Kekayaan Cina kini hampir sepertiga dari peningkatan kekayaan dunia. Sebelum bergabung dengan Organisasi Perdagangan Dunia, kekayaannya mencapai 7 triliun dolar AS pada tahun 2000. Pada tahun 2021, kekayaannya melonjak menjadi 120 triliun dolar AS.
Sementara itu, Amerika Serikat mengalami peningkatan kekayaan lebih dari 100 persen selama periode tersebut hingga mencapai 90 triliun dolar AS.
Lebih dari dua pertiga kekayaan di China dan Amerika Serikat dimiliki oleh 10 persen rumah tangga terkaya, dan real estate menyumbang 68 persen dari kekayaan dunia.
McKinsey juga mencatat, bahwa aset keuangan tidak terlibat dalam kekayaan global, atau kekayaan bersih, perhitungan karena aset ini dibatalkan oleh kewajiban keuangan. Aset keuangan bagi satu pihak adalah liabilitas keuangan bagi pihak lain.
Peningkatan besar-besaran dalam kekayaan bersih selama periode tersebut melebihi kenaikan PDB global karena didorong oleh kenaikan harga properti menyusul penurunan suku bunga.
Harga aset hampir 50 persen lebih tinggi dari rata-rata jangka panjangnya relatif terhadap pendapatan. Hal ini menimbulkan spekulasi apakah kenaikan kekayaan itu berkelanjutan.
Meski dinobatkan sebagai negara terkaya di dunia, China tak luput dari ancaman krisis ekonomi.
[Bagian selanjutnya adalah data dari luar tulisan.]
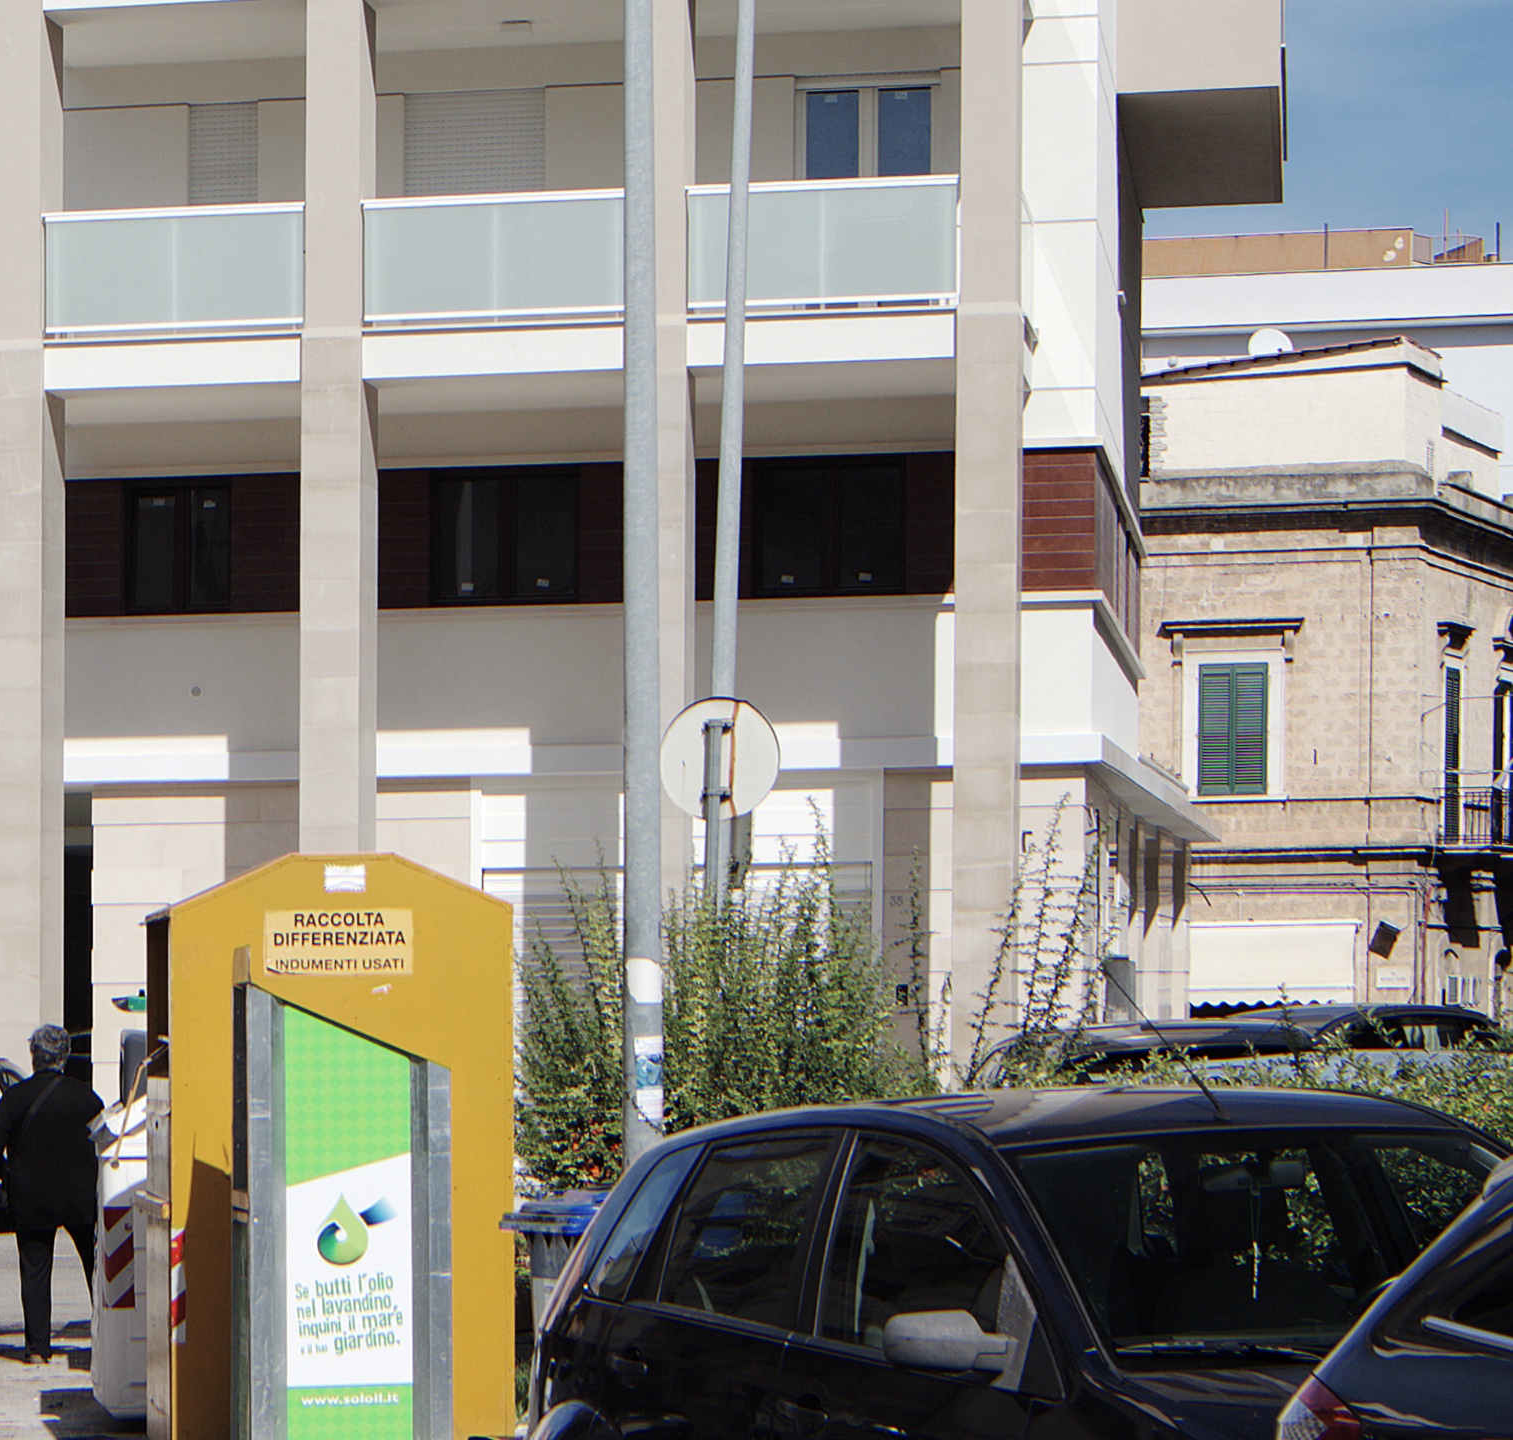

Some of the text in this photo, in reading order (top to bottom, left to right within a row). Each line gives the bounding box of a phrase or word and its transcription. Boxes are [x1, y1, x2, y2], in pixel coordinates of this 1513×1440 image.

[293, 912, 384, 927] RACCOLTA
[273, 930, 406, 946] DIFFERENZIATA
[275, 958, 404, 970] INDUMENTI USATI
[295, 1283, 309, 1299] Se
[315, 1275, 352, 1298] butti
[297, 1292, 397, 1319] nel lavandino,
[298, 1310, 403, 1339] inquini il mare
[334, 1328, 400, 1355] giardino.
[301, 1392, 400, 1406] www.soloil.it
Seperti yang diketahui, perusahaan raksasa real estat Evergrande Group asal China saat ini tengah terlilit utang.
“Melonjaknya nilai real estat dapat membuat kepemilikan rumah tidak terjangkau bagi banyak orang,” papar Jan Mischke.
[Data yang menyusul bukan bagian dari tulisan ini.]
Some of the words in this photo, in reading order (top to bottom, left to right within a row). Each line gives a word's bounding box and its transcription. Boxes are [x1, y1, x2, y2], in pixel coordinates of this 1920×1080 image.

Kondisi ini bisa meningkatkan risiko krisis keuangan seperti yang melanda Amerika Serikat pada 2008. “China berpotensi mengalami masalah serupa atas utang pengembang properti seperti China Evergrande Group,” kata Jan Mischke .
McKinsey & Co menyarankan China agar fokus meningkatkan PDB secara global melalui investasi lainnya.[]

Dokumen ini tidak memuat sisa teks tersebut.